The image of the Pentagon burning and the surrounding wreckage remains strong in Schenck’s mind, but just as potent are his memories of ordinary, volunteering citizens stepping into the chaotic scene at the building’s parking lot to move people, get people into ambulances, and generally provide assistance to those in need.
“I saw Americans from all walks of life rise up to help one another and to lift each other up through a very difficult time,” Schenck said. “…It was really an amazing sight to see so many volunteers trying to save people and to provide comfort to those who are severely injured.”
All of PenFed’s employees managed to get out safely, and guided by the secretary of defense’s message that business should continue as usual, the credit union reopened its Pentagon branch the very next day with a staff of volunteers.
Following the 9/11 attacks, PenFed started and grew the Military Heroes Program within the PenFed Foundation, which is dedicated to supporting service members, veterans, and their families. The nonprofit organization has provided financial assistance, including financial education, credit-building, and homeownership services, to more than 140,000 members of the military community, according to PenFed.
For many people, however, the effects of 9/11 linger almost two decades later for survivors of the attacks and first responders, especially those who were at the scene in New York.
A Sept. 11 victim compensation fund created to support individuals who were injured or killed in the terrorist attacks or their aftermath issued almost $1.5 billion in awards on 8,619 claims in 2018, the largest amount of compensation it had granted in a single year so far, according to the fund’s special master, Rupa Bhattacharyya.
The fund has received 51,816 claims this year as of Aug. 31, 24,907 of which have been deemed eligible.
Legislation signed on July 29 by the president permanently authorized the victim compensation fund until Oct. 1, 2090, allowing funds to be allocated as necessary to pay all approved claims.

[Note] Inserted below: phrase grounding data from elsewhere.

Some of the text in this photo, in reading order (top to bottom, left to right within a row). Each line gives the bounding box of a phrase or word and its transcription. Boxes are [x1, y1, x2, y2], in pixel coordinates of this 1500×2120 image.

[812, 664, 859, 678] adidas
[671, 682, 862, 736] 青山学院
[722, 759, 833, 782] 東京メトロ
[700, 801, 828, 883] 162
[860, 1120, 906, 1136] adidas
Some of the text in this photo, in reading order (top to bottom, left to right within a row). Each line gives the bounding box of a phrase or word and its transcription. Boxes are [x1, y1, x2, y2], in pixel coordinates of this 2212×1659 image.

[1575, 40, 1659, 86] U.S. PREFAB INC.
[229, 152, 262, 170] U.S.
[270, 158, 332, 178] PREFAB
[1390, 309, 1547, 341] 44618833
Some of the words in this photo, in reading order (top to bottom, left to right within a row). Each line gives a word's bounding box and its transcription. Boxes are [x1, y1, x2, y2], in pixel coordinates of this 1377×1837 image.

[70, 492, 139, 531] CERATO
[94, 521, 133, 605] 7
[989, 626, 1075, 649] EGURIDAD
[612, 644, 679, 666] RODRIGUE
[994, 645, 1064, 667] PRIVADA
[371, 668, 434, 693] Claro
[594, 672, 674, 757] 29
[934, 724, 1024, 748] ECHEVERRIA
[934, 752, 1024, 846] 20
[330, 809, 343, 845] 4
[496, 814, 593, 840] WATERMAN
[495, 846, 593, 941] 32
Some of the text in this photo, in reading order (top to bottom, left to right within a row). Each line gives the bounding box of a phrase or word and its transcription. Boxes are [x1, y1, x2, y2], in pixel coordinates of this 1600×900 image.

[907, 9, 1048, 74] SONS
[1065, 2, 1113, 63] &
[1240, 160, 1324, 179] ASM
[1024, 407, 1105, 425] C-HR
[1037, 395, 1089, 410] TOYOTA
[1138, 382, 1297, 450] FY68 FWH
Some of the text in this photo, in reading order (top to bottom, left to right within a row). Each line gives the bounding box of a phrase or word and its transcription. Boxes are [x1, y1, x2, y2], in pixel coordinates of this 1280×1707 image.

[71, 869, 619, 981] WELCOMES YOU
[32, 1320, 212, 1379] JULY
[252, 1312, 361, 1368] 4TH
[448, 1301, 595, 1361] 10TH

A World Trade Center Health Program established by the U.S. Centers for Disease Control and Prevention to provide health screenings, monitoring, and treatment to survivors and first responders has more than 97,686 members.
Health issues experienced by 9/11 survivors and first responders range from respiratory and digestive conditions, such as chronic rhinosinusitis and asthma, to cancer and mental health issues, including post-traumatic stress, anxiety, and depressive disorders, according to WTC Health Program statistics.
Ceremonies like the one put together by PenFed or even the larger, official wreath-laying and remembrance event held Wednesday morning at the Pentagon by the Arlington County government may seem slight in comparison to the suffering that so many people have undergone in 9/11’s wake.
Still, Jamie Gayton, PenFed’s executive vice president of member operations and global assets, sees the 9/11 anniversary commemoration as a way of giving employees time to reflect while reaffirming the company’s commitment to its 1.8 million worldwide members, many of whom are current or veteran military service members, first responders, and national security workers.
“We look to our communities and try to be with them, touch them, and support them on a daily basis,” Gayton said. “Doing a ceremony like this reminds everybody what’s important here in the United States. It’s important to take care of American people in our communities.”